While I write digital marketing content for the SaaS industry, I wanted my new service to be varied.
Working with other creators and service providers like coaches, designers or eBook/course creators allowed me to try out different niches.
My rate for email copywriting is standard as well – $150 per email. Over time I will up my email rate to $300 per email, but this is a process.
Here is an invoice from one of my clients.
I’m comfortable with this rate and the type of work involved for this rate.

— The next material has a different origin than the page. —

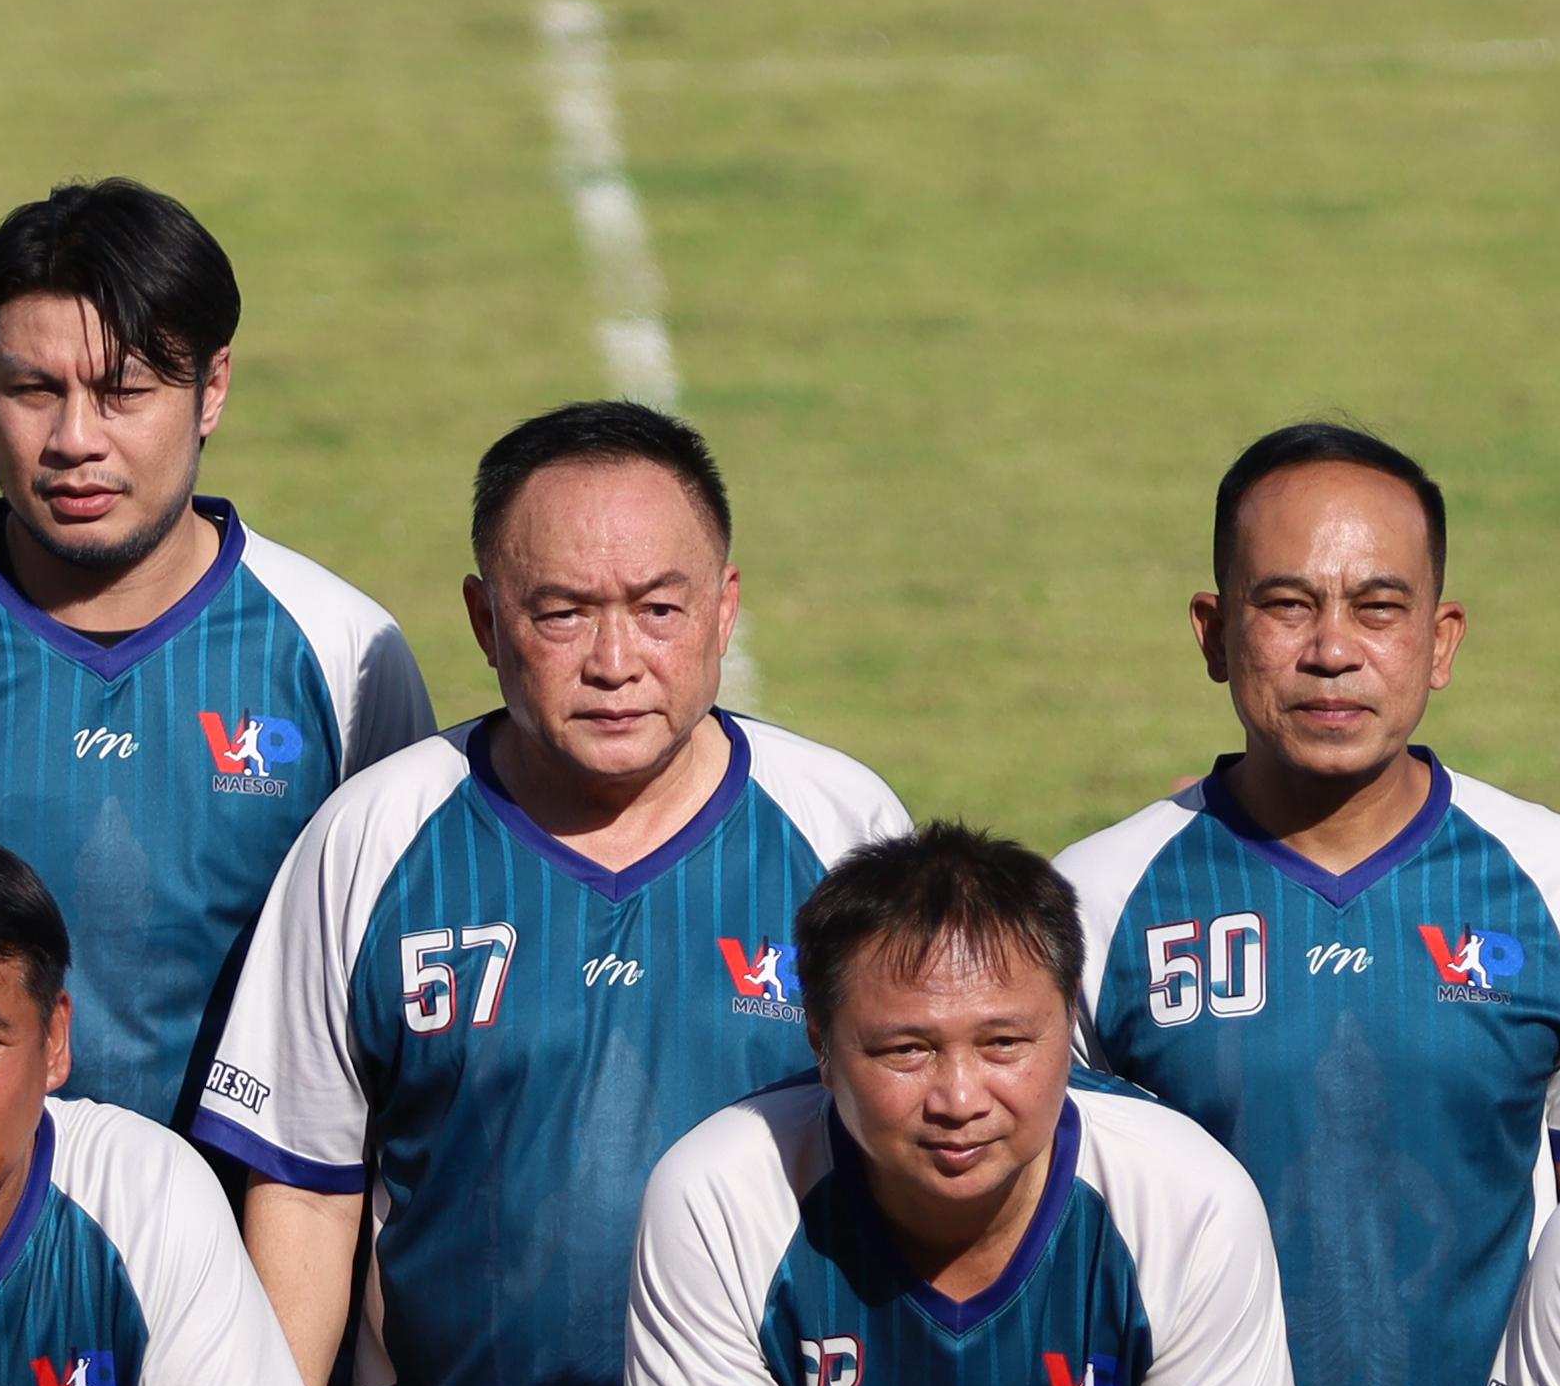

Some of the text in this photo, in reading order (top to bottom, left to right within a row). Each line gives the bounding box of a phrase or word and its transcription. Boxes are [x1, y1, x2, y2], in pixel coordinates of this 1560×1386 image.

Once I have more time for this type of writing gig I can increase my value and rate.
Most of my clients hired me to either write a new welcome series – 4-5 emails or tweak an existing series where I edit or write a few new emails in the sequence.
I have another potential client for an eBook launch sequence, and I’m excited to work on this project in the future.
How Am I Gaining Freelance Writing Clients in a New Service?
At the beginning of offering this service, I didn’t focus on getting potential clients to my writer website.
My writer website is optimized for long-form SEO clients.
I doubt a mompreneur is looking at my writer website wanting to hire me.
Instead, I had to show my experience as an email copywriter to my ideal client using other methods.
I did this by:
- Writing a blog post on how to write an email (showing my experience in this new writing niche)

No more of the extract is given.